El meollo es este: cuando la población protesta con o sin actos vandálicos, amedrenta a las
fuerzas policiales o saquea almacenes, pinta una pared pública o destruye un bien material
privado, no está dando inicio a actos violentos, no son personas violentas, tan solo
responden a la violencia que se les ha impuesto institucionalmente por parte de los
gobiernos, con el supuesto del “uso legítimo de la fuerza”. Cuando los ciudadanos
protestan, lo hacen como respuesta necesaria a la violencia que los monopolios
económicos privados, en arreglo con los gobiernos, imponen a la población caracterizada
por sus bajos recursos económicos, defectuosa formación académica, segregados de las
decisiones políticas y quienes han de morir a las puertas del hospital que niega su
atención.

Los ciudadanos no inician la violencia en las calles, tan solo responden a la que les ha
impuesto su gobierno y los sectores económicos particulares. La diferencia radica en que,
alterar el orden, estabilidad y quietud del gobierno benefactor del sector económico
privado, es a lo que este llama, inconfundiblemente, “violencia”. La paz para ellos es su
victoria por la derrota del otro, y violencia son los actos que combaten esa “victoria”.

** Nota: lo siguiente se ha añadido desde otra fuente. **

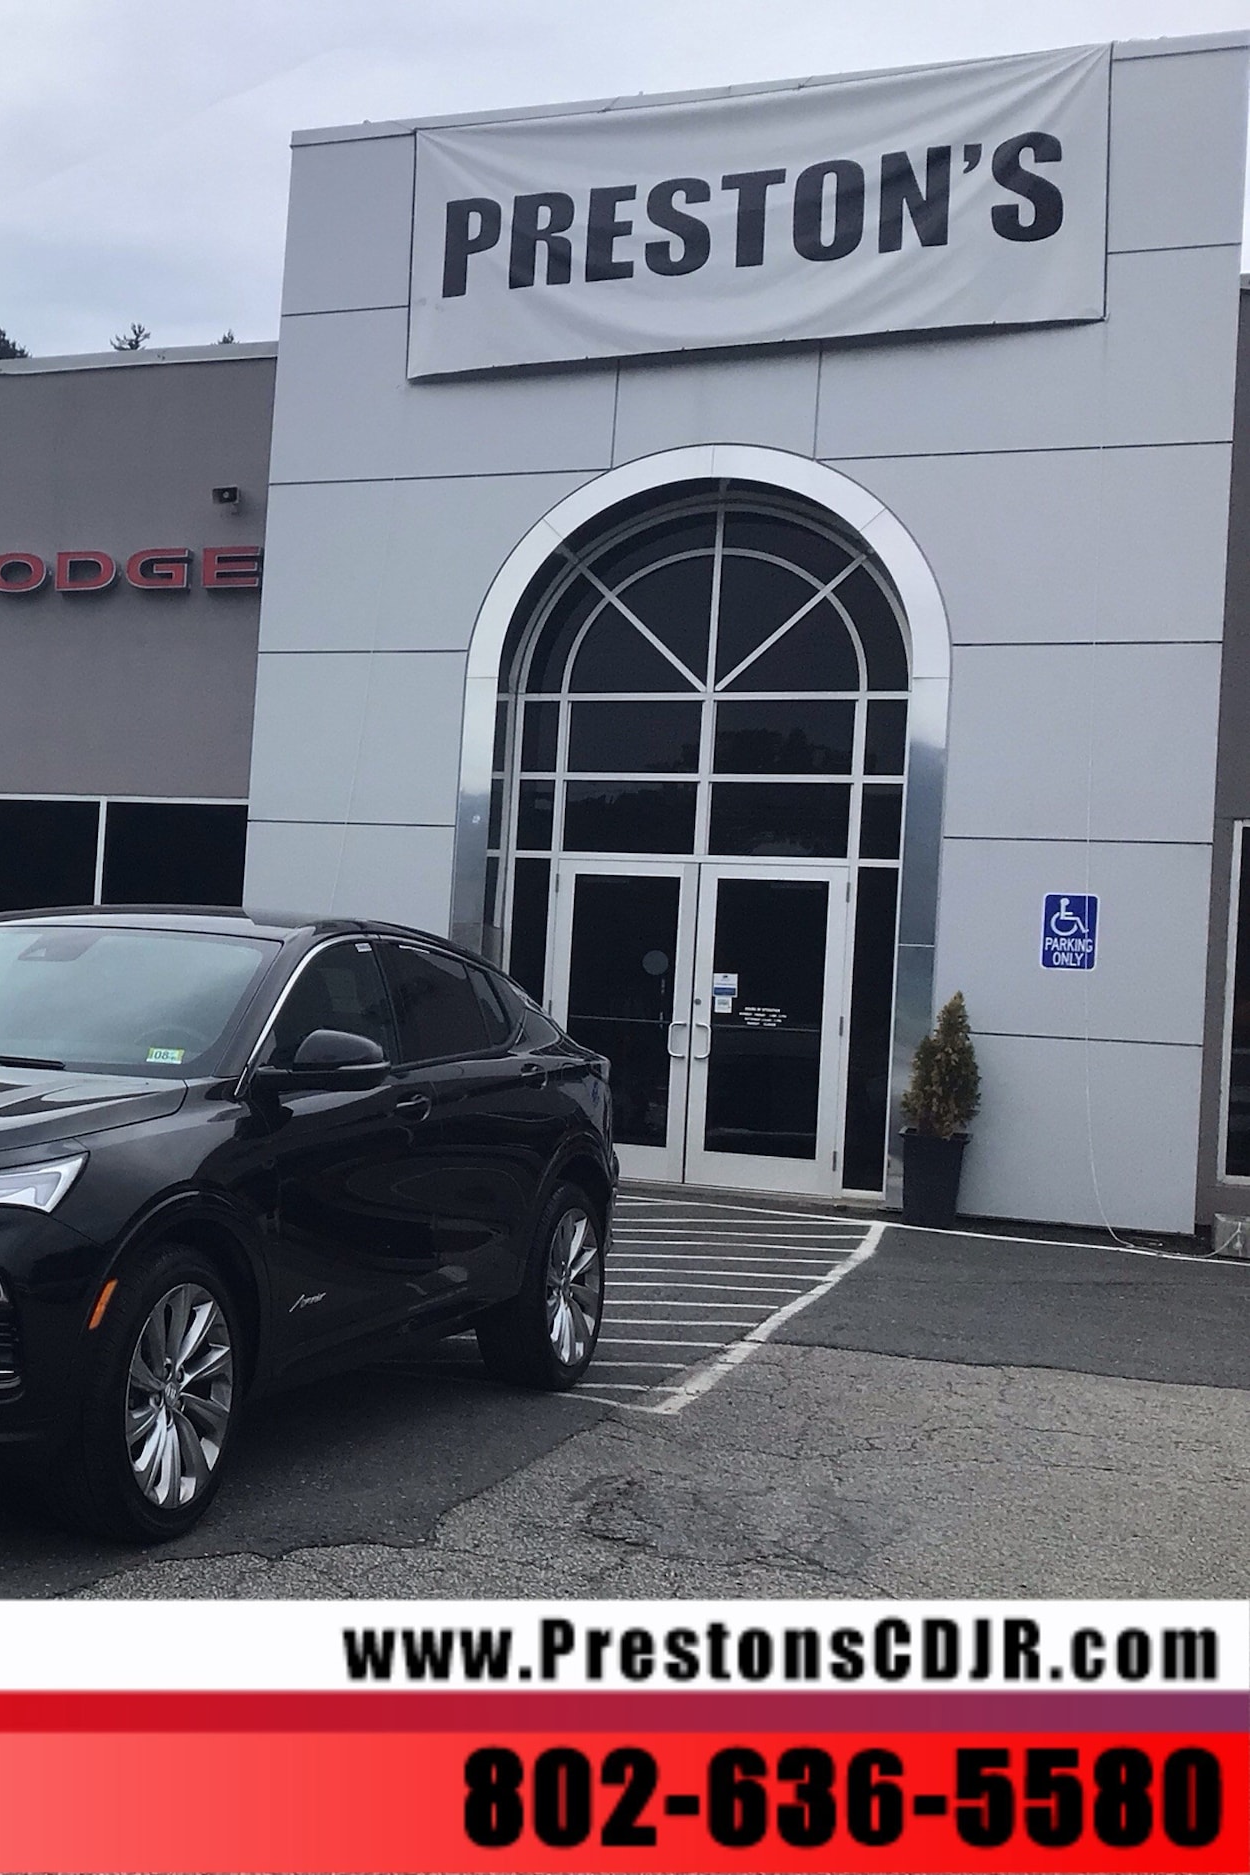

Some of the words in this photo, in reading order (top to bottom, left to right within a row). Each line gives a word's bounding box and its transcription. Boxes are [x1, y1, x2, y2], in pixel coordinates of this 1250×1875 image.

O acaso, cómo llamar sino violencia a la realidad de las cerca de 25.000 personas que
mueren en el mundo cada día a raíz del hambre o sus efectos, como lo documenta Martín
Caparrós en su investigación El hambre; violencia al hecho que las personas naturales
“controlen” más riqueza que los gobiernos, lo que imposibilita cada vez más la respuesta
de estos para “enfrentar” la desigualdad de las riquezas, según demuestra Oxfam; cómo
llamar sino violencia los desahucios de millones de familias en Portugal, Grecia, España
por la usura de un mercader como Shylock llamado bancos; violencia la desaparición
forzada y asesinatos de jóvenes campesinos por parte de fuerzas militares (falsos positivos
en Colombia) o de estudiantes en México. ¿Llamamos a esto violencia? ¿O solo a los actos
de los “vándalos” que registran los diarios?

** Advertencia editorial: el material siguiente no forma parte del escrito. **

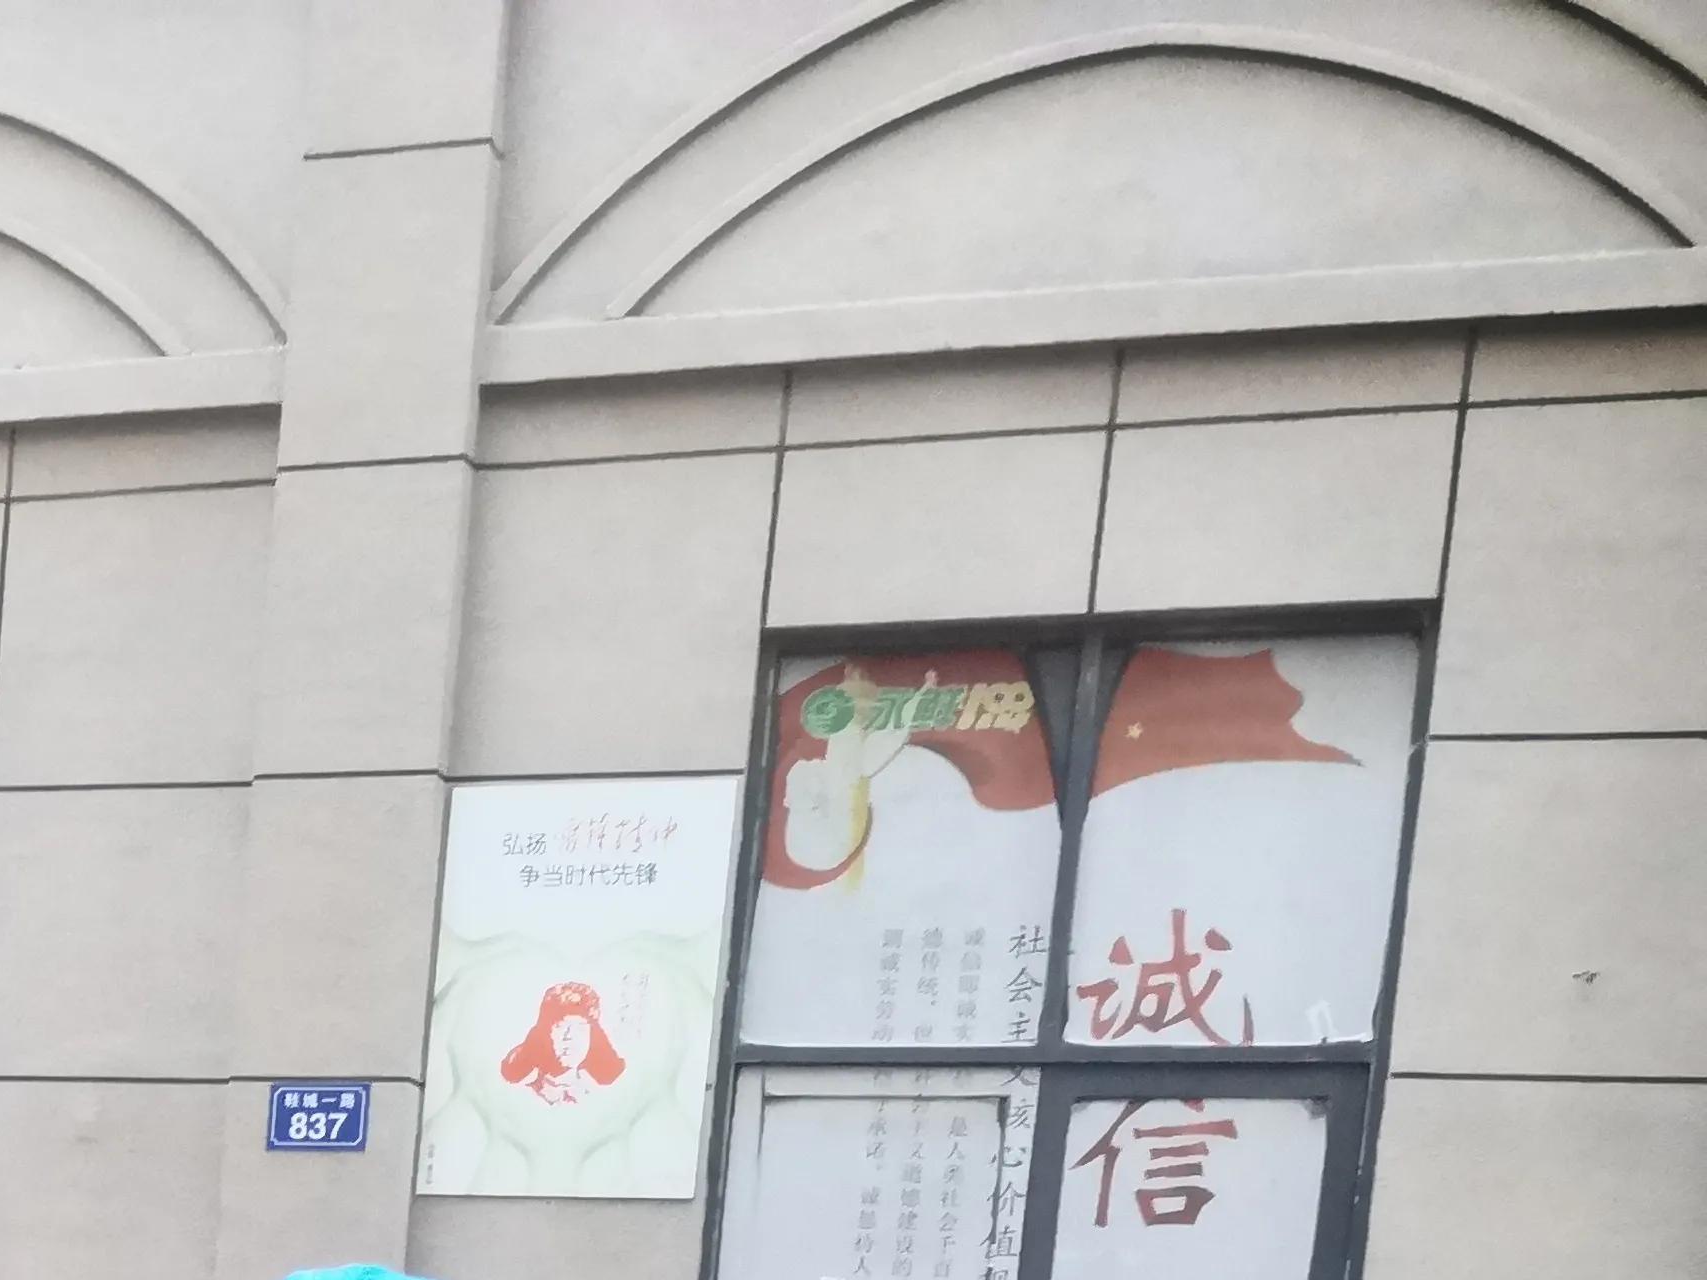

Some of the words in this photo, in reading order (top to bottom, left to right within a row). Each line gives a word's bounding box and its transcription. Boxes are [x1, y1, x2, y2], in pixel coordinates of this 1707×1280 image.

[501, 832, 548, 856] 弘扬
[519, 862, 659, 888] 争当时代先锋
[1068, 907, 1256, 1227] 诚信
[288, 1112, 349, 1140] 837

A mi modo de ver, esta es la violencia que hay que denunciar, la de la exclusión de la


escuela, el hambre, la explotación laboral y de recursos naturales, la privatización del agua
y un largo etc., etc., violento.
Quizás estos condenados (violentos) de la tierra solo muestren con “su vandalismo” que
tenemos derecho a la violencia que combata a la inhumana “paz” de los dominantes. Así,
Franz Fanon sigue siendo una voz extendida: “la violencia de los argelinos es el hombre
mismo reintegrándose”. El mercader y su hijo, por lo tanto, quedan absueltos.